Work order:
Reproduce the data in full, exactly as given, leaving images out.
START Dataset
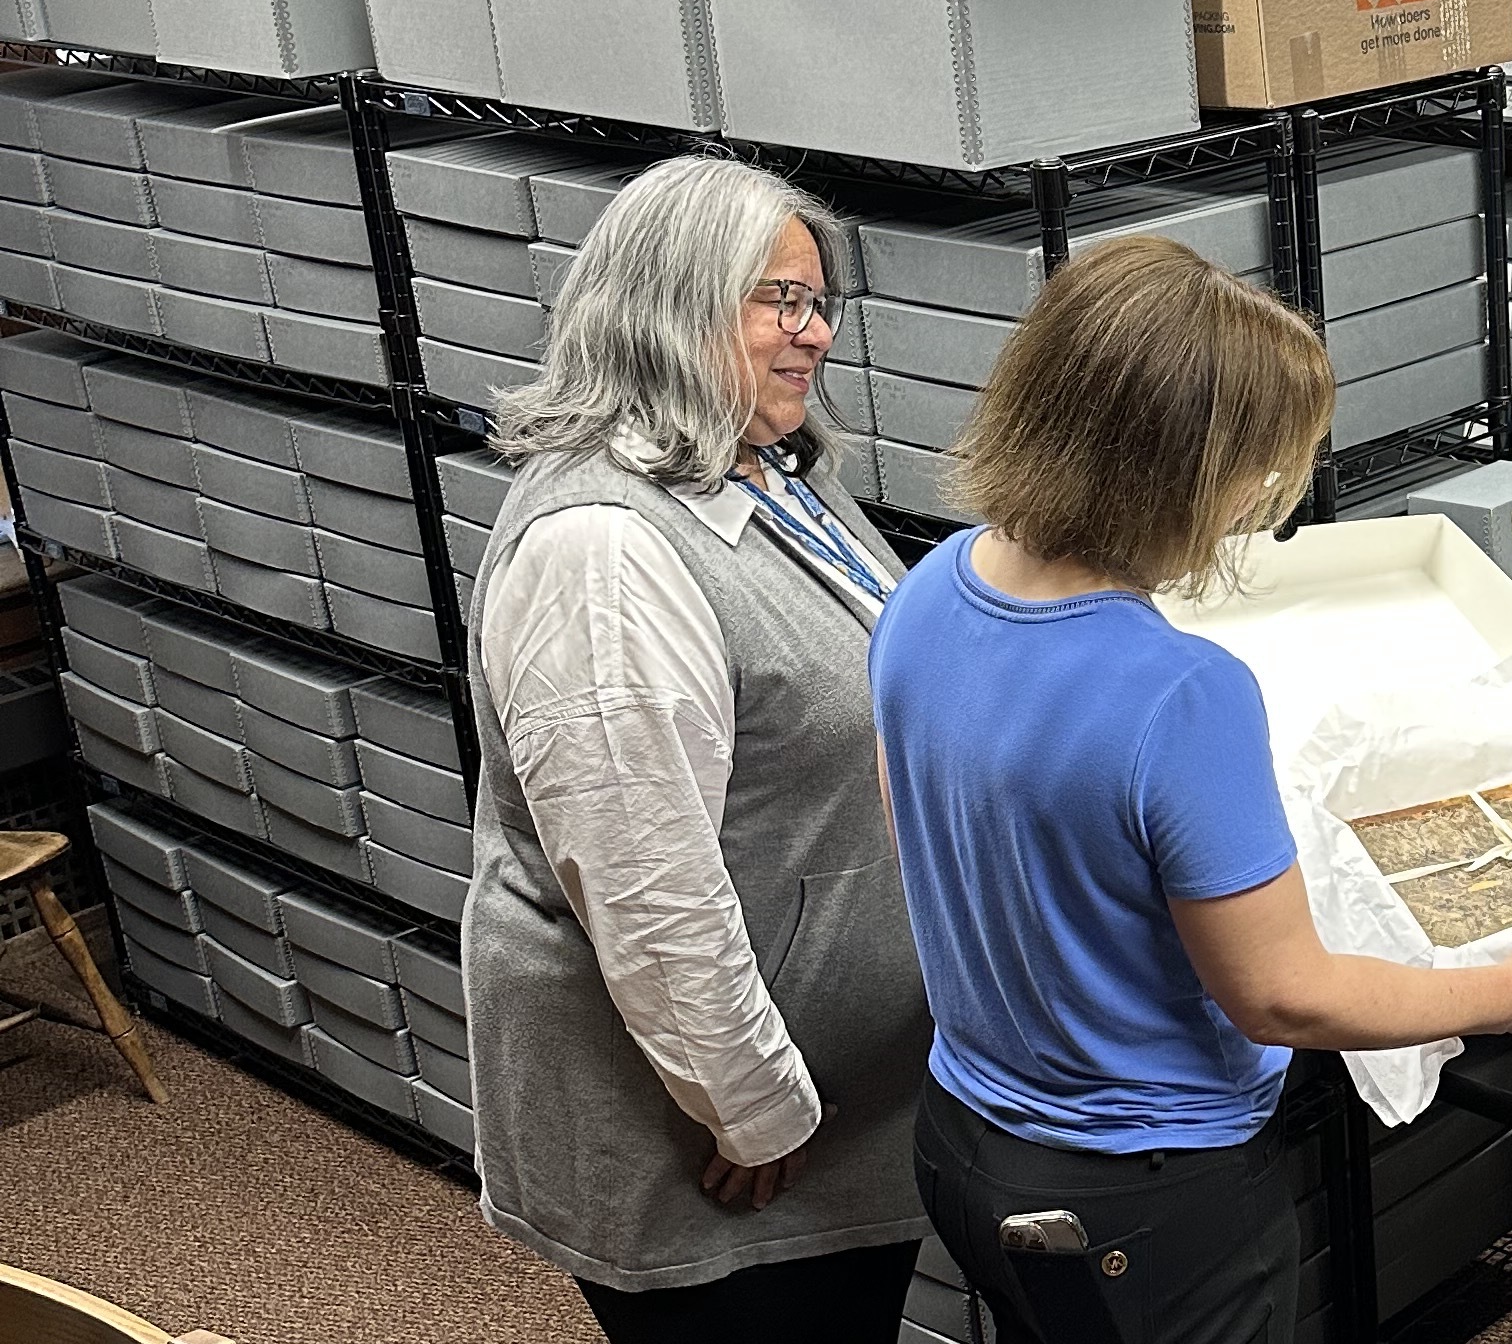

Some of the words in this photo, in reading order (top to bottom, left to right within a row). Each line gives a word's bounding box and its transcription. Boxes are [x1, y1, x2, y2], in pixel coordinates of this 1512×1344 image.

[1370, 13, 1397, 30] How
[1399, 8, 1431, 25] doers
[1361, 34, 1380, 55] get
[1382, 31, 1411, 48] more
END Dataset
Written response:
Some of the words in this photo, in reading order (top to bottom, left to right within a row). Each line gives a word's bounding box and its transcription. Boxes are [x1, y1, x2, y2], in pixel coordinates of this 1512×1344 image.

[1370, 13, 1397, 30] How
[1399, 8, 1431, 25] doers
[1361, 34, 1380, 55] get
[1382, 31, 1411, 48] more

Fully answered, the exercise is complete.